Posted by Darren Brooker, 4 April 2012 1:00 am
Making Future Magic is the creative mission statement that underpins the philosophy at Dentsu London. Mission statements can be pretty vague and meaningless, but with each of the three words bringing a different dimension - Making implying craftsmanship, Future meaning something that's never been seen before and Magic implying something capable of delighting - these three little words collectively equate to one brave creative goal. However, it's a goal that has been well-and-truly met.
To see this creative mission statement in action, one only has to watch Making Future Magic the eponymous film that Dentsu collaborated with Berg London to explore how surfaces and screens look and work in the world. The result is a truly delightful and playful exploration of the ubiquitous glowing rectangles that inhabit the world.
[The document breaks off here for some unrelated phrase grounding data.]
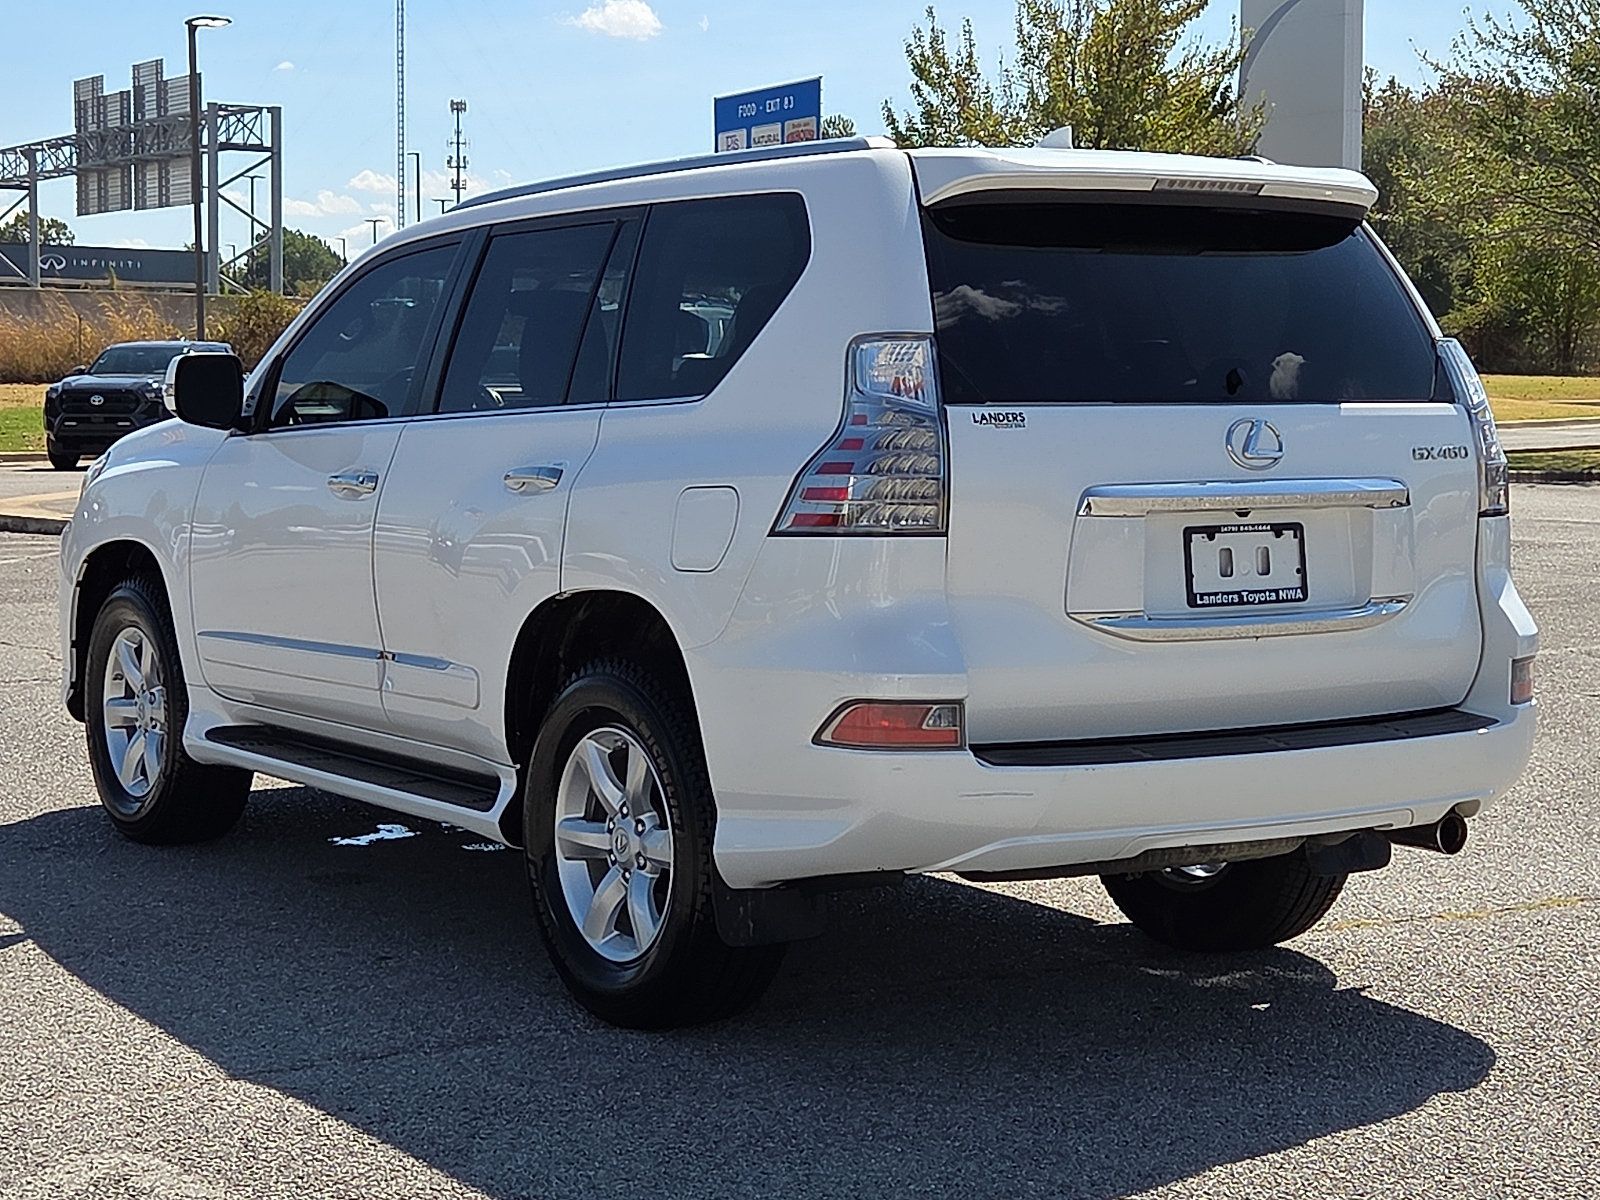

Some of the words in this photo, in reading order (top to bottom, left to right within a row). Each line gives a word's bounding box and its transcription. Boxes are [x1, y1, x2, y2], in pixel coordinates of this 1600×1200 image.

[738, 102, 757, 118] FOOD
[765, 97, 781, 113] EXIT
[72, 258, 142, 269] INFINITI
[971, 411, 1026, 424] LANDERS
[1196, 592, 1239, 605] Landers
[1241, 590, 1276, 604] Toyota
[1278, 588, 1304, 600] NWA
The creative teams at Dentsu and Berg developed a specific photographic technique for this film. Through long exposures we record an iPad moving through space to make three-dimensional forms in light. First, models of three-dimensional typography, objects and animations were put together in 3D. This was then rendered, but as orthogonal cross sections of these models (like a virtual CAT scan) whch results in a series of outlines of slices of each form.
These are then played back on the iPad as movies, and when the iPad is dragged through the air, it extrudes shapes that are captured in long exposure photographs. Each 3D form is itself a single frame of a 3D animation, so each long exposure still is only a single image in a composite stop frame animation. Each frame is a long exposure photograph of 3-6 seconds. 5,500 photographs were taken. Only half of these were used for the animations seen in the final edit of the film.
The result is truly fantastic, and really delivers on all three dimensions of the creative mission statement of Dentsu: Making. Future. Magic. You can read more on the blogs of both Dentsu and Berg. What's more, the iPad app that the team at Dentsu developed is available via the app store, so you can try this for yourself at home (warning, it's addictive!)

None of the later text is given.